Hold me tight! Influence of discriminative features on deep network boundaries
This work provides insights into neural network explainability and robustness, particularly for computer vision applications, though it is incremental in building on adversarial robustness tools.
The study investigates how discriminative features influence the decision boundaries of deep neural networks, revealing that networks are highly invariant to non-discriminative features and that boundaries are sensitive to small training perturbations, with changes in certain directions causing sudden invariances in orthogonal ones.

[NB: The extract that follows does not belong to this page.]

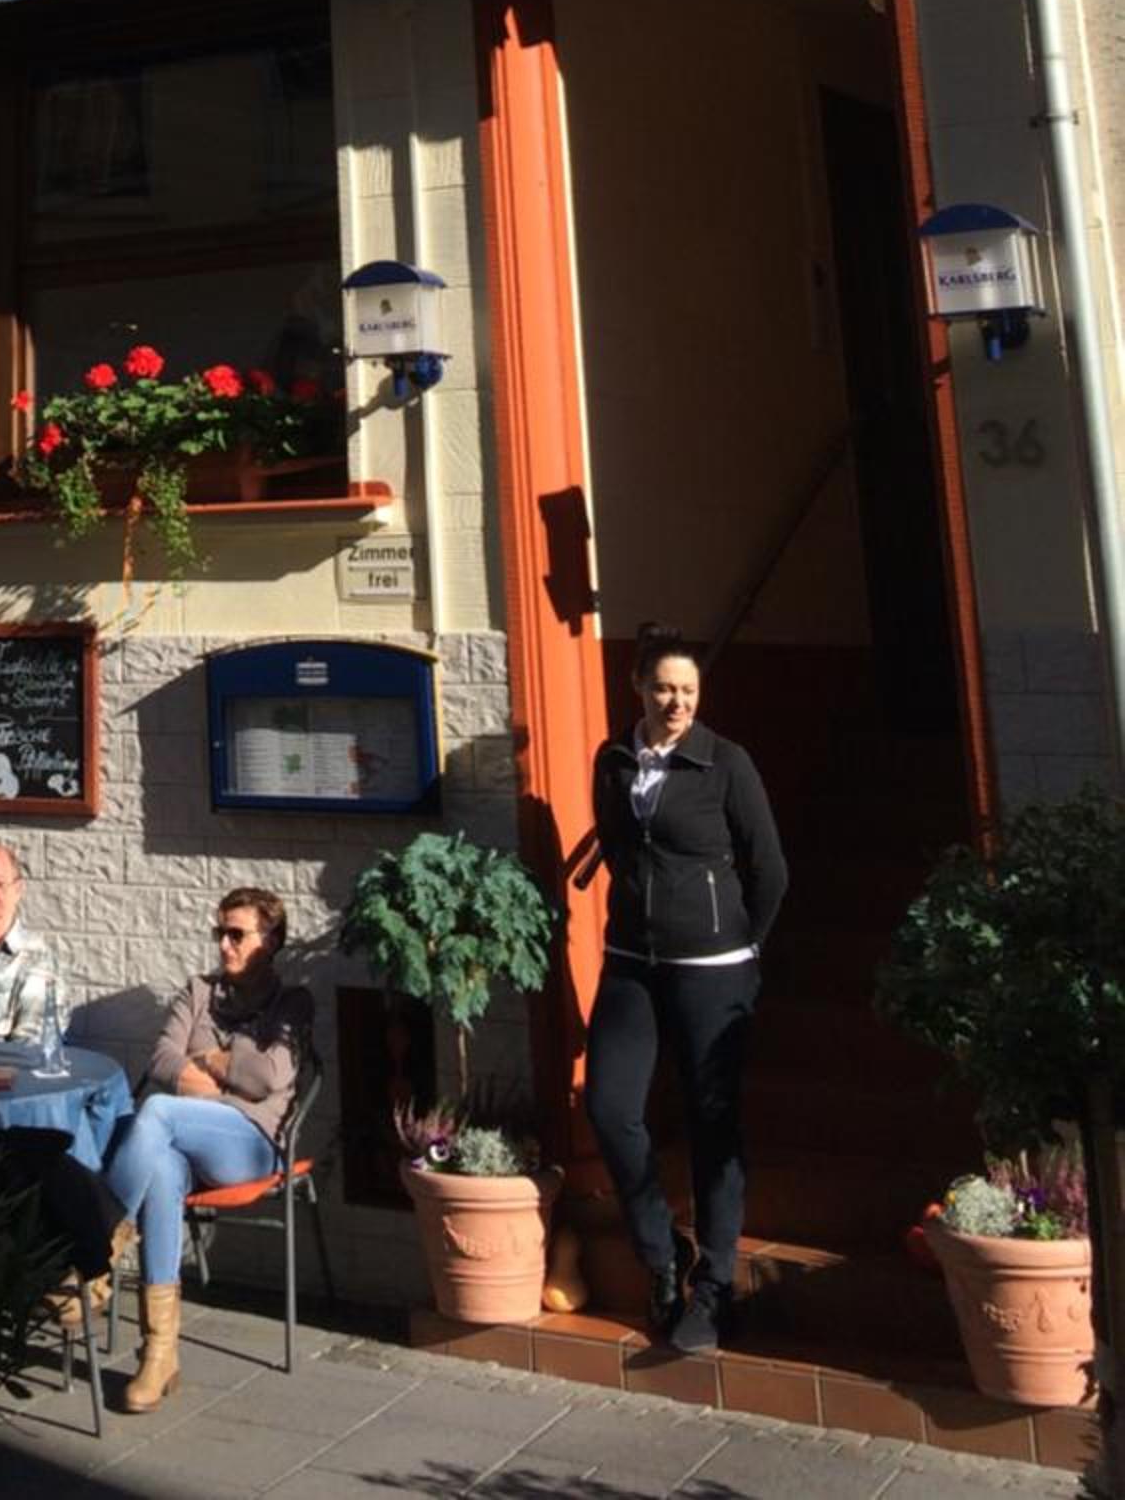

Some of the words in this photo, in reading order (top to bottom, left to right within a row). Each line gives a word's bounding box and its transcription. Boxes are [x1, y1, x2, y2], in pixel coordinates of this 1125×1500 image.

[938, 266, 1017, 288] KARLSBERG
[978, 418, 1047, 468] 36
[367, 570, 399, 589] frei

Important insights towards the explainability of neural networks reside in the characteristics of their decision boundaries. In this work, we borrow tools from the field of adversarial robustness, and propose a new perspective that relates dataset features to the distance of samples to the decision boundary. This enables us to carefully tweak the position of the training samples and measure the induced changes on the boundaries of CNNs trained on large-scale vision datasets. We use this framework to reveal some intriguing properties of CNNs. Specifically, we rigorously confirm that neural networks exhibit a high invariance to non-discriminative features, and show that the decision boundaries of a DNN can only exist as long as the classifier is trained with some features that hold them together. Finally, we show that the construction of the decision boundary is extremely sensitive to small perturbations of the training samples, and that changes in certain directions can lead to sudden invariances in the orthogonal ones. This is precisely the mechanism that adversarial training uses to achieve robustness.